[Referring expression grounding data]
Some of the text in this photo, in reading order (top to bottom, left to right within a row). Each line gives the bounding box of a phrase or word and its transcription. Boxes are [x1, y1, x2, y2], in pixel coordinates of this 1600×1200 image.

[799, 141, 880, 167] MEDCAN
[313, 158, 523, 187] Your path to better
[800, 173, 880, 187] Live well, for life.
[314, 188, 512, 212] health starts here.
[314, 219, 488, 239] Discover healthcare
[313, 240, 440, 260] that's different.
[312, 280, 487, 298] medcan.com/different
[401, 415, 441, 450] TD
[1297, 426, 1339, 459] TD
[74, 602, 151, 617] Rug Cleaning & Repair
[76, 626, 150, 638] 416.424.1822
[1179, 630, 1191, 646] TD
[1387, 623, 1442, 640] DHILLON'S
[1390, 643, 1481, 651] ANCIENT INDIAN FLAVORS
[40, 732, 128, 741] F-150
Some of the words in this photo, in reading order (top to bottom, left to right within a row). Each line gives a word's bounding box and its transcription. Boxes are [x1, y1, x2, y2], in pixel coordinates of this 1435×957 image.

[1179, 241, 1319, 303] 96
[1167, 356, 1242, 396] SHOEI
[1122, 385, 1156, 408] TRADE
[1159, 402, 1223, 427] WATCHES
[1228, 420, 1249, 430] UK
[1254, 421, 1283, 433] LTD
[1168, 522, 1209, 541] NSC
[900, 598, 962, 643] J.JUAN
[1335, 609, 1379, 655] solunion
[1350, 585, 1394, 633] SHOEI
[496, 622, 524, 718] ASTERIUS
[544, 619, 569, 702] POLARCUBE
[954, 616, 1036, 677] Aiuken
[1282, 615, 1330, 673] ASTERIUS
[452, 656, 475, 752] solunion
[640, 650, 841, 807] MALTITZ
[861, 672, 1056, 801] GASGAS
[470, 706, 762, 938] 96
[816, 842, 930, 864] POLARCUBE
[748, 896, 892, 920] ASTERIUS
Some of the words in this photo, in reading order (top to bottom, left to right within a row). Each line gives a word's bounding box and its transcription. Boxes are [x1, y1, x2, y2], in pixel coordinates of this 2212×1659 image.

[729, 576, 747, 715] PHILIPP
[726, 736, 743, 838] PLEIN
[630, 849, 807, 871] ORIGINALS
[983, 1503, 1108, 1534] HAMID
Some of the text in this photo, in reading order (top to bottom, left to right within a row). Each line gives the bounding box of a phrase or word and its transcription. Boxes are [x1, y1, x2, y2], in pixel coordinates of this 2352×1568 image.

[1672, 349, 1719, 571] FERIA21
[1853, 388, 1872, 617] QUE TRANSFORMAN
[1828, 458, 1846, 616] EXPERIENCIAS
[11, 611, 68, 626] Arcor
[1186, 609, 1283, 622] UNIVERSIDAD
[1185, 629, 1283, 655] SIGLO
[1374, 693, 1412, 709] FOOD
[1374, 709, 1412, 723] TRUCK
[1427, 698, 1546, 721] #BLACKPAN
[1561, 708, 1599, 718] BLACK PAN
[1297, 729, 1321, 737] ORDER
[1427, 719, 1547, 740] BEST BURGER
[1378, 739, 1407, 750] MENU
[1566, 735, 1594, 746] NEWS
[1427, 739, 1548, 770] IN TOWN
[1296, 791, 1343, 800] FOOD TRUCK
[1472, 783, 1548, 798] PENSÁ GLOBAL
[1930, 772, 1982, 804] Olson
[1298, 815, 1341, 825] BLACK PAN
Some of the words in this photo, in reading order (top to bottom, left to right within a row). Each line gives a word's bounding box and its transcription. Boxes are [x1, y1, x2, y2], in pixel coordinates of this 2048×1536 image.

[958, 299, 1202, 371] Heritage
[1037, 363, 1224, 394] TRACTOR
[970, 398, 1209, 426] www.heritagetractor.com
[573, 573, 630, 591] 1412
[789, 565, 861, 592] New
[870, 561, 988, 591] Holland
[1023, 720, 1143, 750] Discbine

→ WHAT IS REQUIRED: Please output the complete set of records above without any alteration.

→ SOLVED EXERCISE:
Some of the text in this photo, in reading order (top to bottom, left to right within a row). Each line gives the bounding box of a phrase or word and its transcription. Boxes are [x1, y1, x2, y2], in pixel coordinates of this 1600×1200 image.

[799, 141, 880, 167] MEDCAN
[313, 158, 523, 187] Your path to better
[800, 173, 880, 187] Live well, for life.
[314, 188, 512, 212] health starts here.
[314, 219, 488, 239] Discover healthcare
[313, 240, 440, 260] that's different.
[312, 280, 487, 298] medcan.com/different
[401, 415, 441, 450] TD
[1297, 426, 1339, 459] TD
[74, 602, 151, 617] Rug Cleaning & Repair
[76, 626, 150, 638] 416.424.1822
[1179, 630, 1191, 646] TD
[1387, 623, 1442, 640] DHILLON'S
[1390, 643, 1481, 651] ANCIENT INDIAN FLAVORS
[40, 732, 128, 741] F-150
Some of the words in this photo, in reading order (top to bottom, left to right within a row). Each line gives a word's bounding box and its transcription. Boxes are [x1, y1, x2, y2], in pixel coordinates of this 1435×957 image.

[1179, 241, 1319, 303] 96
[1167, 356, 1242, 396] SHOEI
[1122, 385, 1156, 408] TRADE
[1159, 402, 1223, 427] WATCHES
[1228, 420, 1249, 430] UK
[1254, 421, 1283, 433] LTD
[1168, 522, 1209, 541] NSC
[900, 598, 962, 643] J.JUAN
[1335, 609, 1379, 655] solunion
[1350, 585, 1394, 633] SHOEI
[496, 622, 524, 718] ASTERIUS
[544, 619, 569, 702] POLARCUBE
[954, 616, 1036, 677] Aiuken
[1282, 615, 1330, 673] ASTERIUS
[452, 656, 475, 752] solunion
[640, 650, 841, 807] MALTITZ
[861, 672, 1056, 801] GASGAS
[470, 706, 762, 938] 96
[816, 842, 930, 864] POLARCUBE
[748, 896, 892, 920] ASTERIUS
Some of the words in this photo, in reading order (top to bottom, left to right within a row). Each line gives a word's bounding box and its transcription. Boxes are [x1, y1, x2, y2], in pixel coordinates of this 2212×1659 image.

[729, 576, 747, 715] PHILIPP
[726, 736, 743, 838] PLEIN
[630, 849, 807, 871] ORIGINALS
[983, 1503, 1108, 1534] HAMID
Some of the text in this photo, in reading order (top to bottom, left to right within a row). Each line gives the bounding box of a phrase or word and its transcription. Boxes are [x1, y1, x2, y2], in pixel coordinates of this 2352×1568 image.

[1672, 349, 1719, 571] FERIA21
[1853, 388, 1872, 617] QUE TRANSFORMAN
[1828, 458, 1846, 616] EXPERIENCIAS
[11, 611, 68, 626] Arcor
[1186, 609, 1283, 622] UNIVERSIDAD
[1185, 629, 1283, 655] SIGLO
[1374, 693, 1412, 709] FOOD
[1374, 709, 1412, 723] TRUCK
[1427, 698, 1546, 721] #BLACKPAN
[1561, 708, 1599, 718] BLACK PAN
[1297, 729, 1321, 737] ORDER
[1427, 719, 1547, 740] BEST BURGER
[1378, 739, 1407, 750] MENU
[1566, 735, 1594, 746] NEWS
[1427, 739, 1548, 770] IN TOWN
[1296, 791, 1343, 800] FOOD TRUCK
[1472, 783, 1548, 798] PENSÁ GLOBAL
[1930, 772, 1982, 804] Olson
[1298, 815, 1341, 825] BLACK PAN
Some of the words in this photo, in reading order (top to bottom, left to right within a row). Each line gives a word's bounding box and its transcription. Boxes are [x1, y1, x2, y2], in pixel coordinates of this 2048×1536 image.

[958, 299, 1202, 371] Heritage
[1037, 363, 1224, 394] TRACTOR
[970, 398, 1209, 426] www.heritagetractor.com
[573, 573, 630, 591] 1412
[789, 565, 861, 592] New
[870, 561, 988, 591] Holland
[1023, 720, 1143, 750] Discbine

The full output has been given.